The most important thing in communication is to hear what isn’t being said.
~ Peter Drucker
THINK
Reading between the lines is about picking up on hidden cues to ascertain meanings that are not being expressed. Listening between the lines is similar.
It’s about reading the messages being sent non verbally through the appearance, manner and psychical behaviour of the person speaking. Facial expressions convey emotions like happiness, sadness, anger or surprise; our tone of voice can signal a great deal of information including emotions, attitudes and intentions; eye contact can coney a sense of trust, interest, or intimacy while physical contact can convey emotions like comfort, affection or aggression.
Genuine listening is the key to great relationships, helping us to understand and connect with others. We must not take listening for granted.
Pay close attention to your communications with others this week.
When you listen, do you just hear the words while you’re busy thinking about your own concerns and potential responses?
Do you make an effort to understand where the other person’s mind is?
Are you really hearing what the other person is saying in a way that allows you to see through their ‘lens’ and appreciate their perspective?
FEEL
When you listen well you are listening to yourself as well as them, especially to your reactions, thoughts, patterns and so on.
~ Sharon Salzberg
Perhaps the trickiest part of listening well is being self-aware enough to recognise your own thoughts and feelings, and emotionally intelligent enough to put them aside to consider the other person’s perspective.
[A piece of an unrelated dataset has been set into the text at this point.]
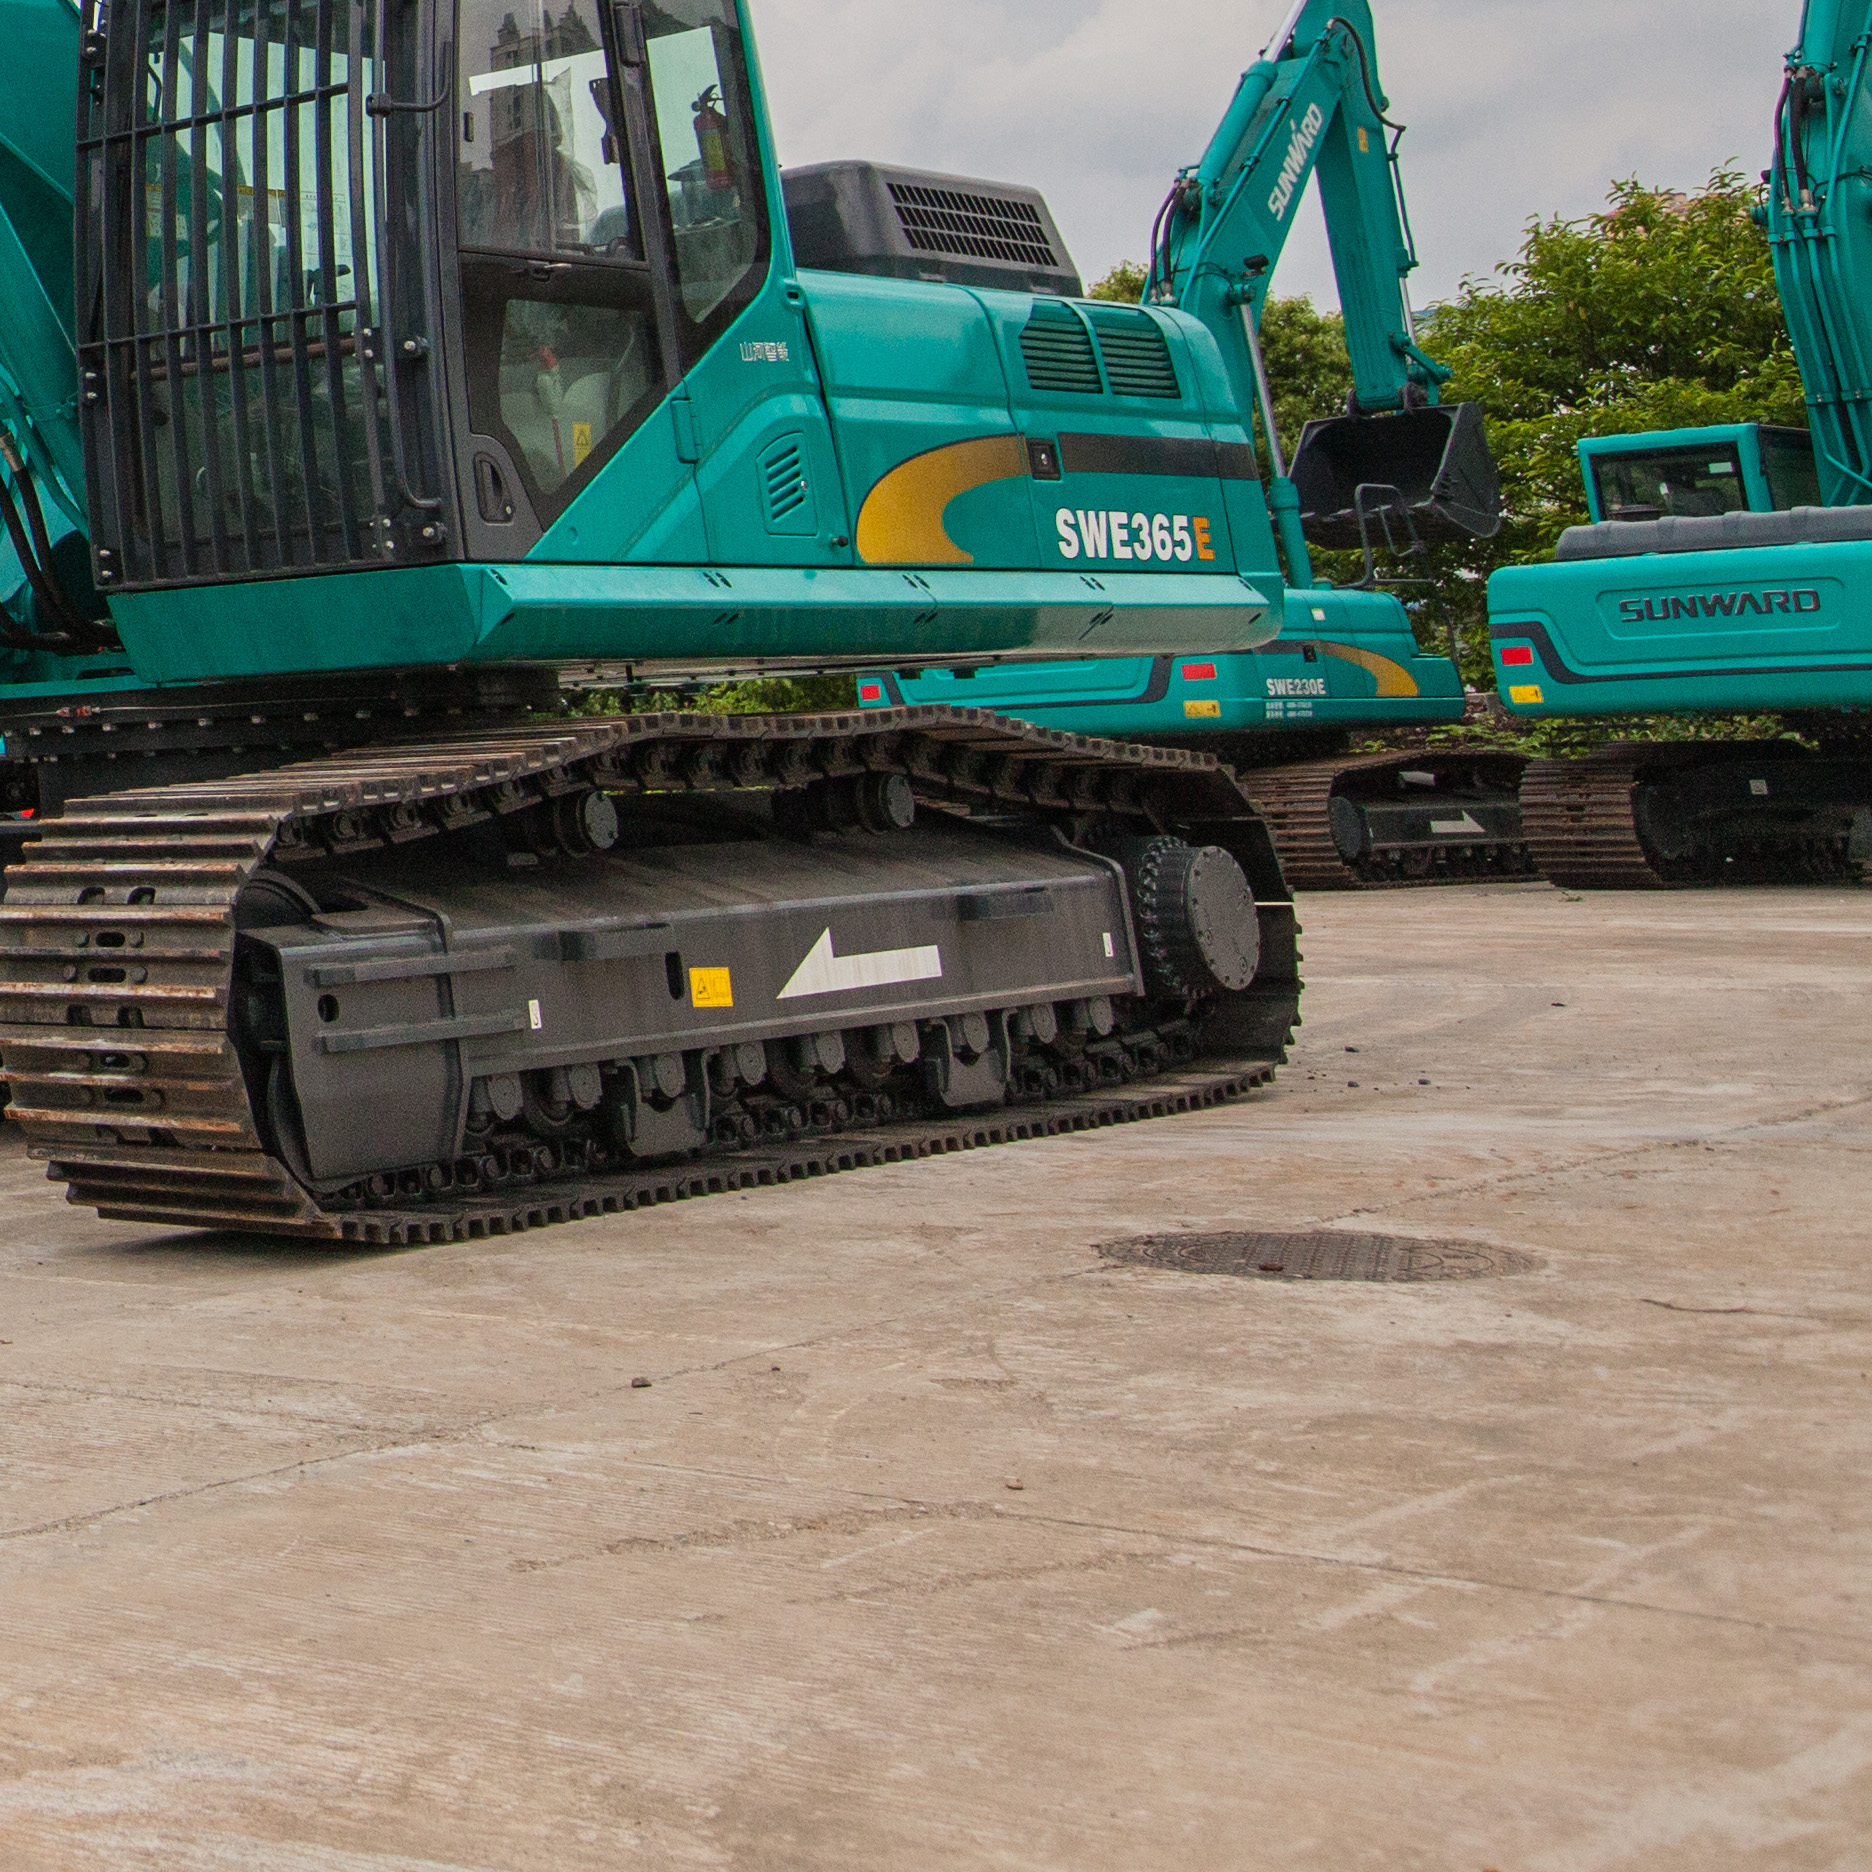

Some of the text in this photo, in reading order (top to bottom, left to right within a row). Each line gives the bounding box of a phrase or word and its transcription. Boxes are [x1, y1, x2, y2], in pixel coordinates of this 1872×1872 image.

[1268, 102, 1324, 222] SUNWARD
[1056, 508, 1215, 561] SWE365E
[1619, 588, 1821, 622] SUNWARD
[1266, 677, 1326, 696] SWE230E
Only then can you communicate in such a way they feel heard and understood.
Ask yourself:
- What do you do when strong thoughts or feelings come up for you during communication - do you allow them to take over or take a deep breath and respond with emotional intelligence?
- Are there any patterns you can identify in the way you communicate with particular people?
- Do you put yourself in the other person’s shoes so that you truly understand how they feel?
- Do you show empathy and listen with genuine interest so people feel heard, understood and valued?
- Do you take what you are hearing at face value, or try to dig deeper to help them express their desires and emotions?
- Do you feel more connection with people as a result of your communication? If not, what can you do to change that?
DO
This week, make a deliberate effort to take actions that facilitate your ability to listen between the lines of what you are hearing. Consider what is going on for the person you’re communicating with.
Try the following:
- Put your agenda to one side so you can really hear what is being said to you. Make eye contact and ensure your posture indicates your interest.
- Put yourself in the other person’s shoes - invite yourself into their world to view what is being said from their perspective.
- Look for what is not being said: observe actions, tone of voice, facial expressions and gestures. Do they match the words?
- Ask open ended questions to clarify understanding.
- Confirm you have understood by repeating and paraphrasing what you’ve heard.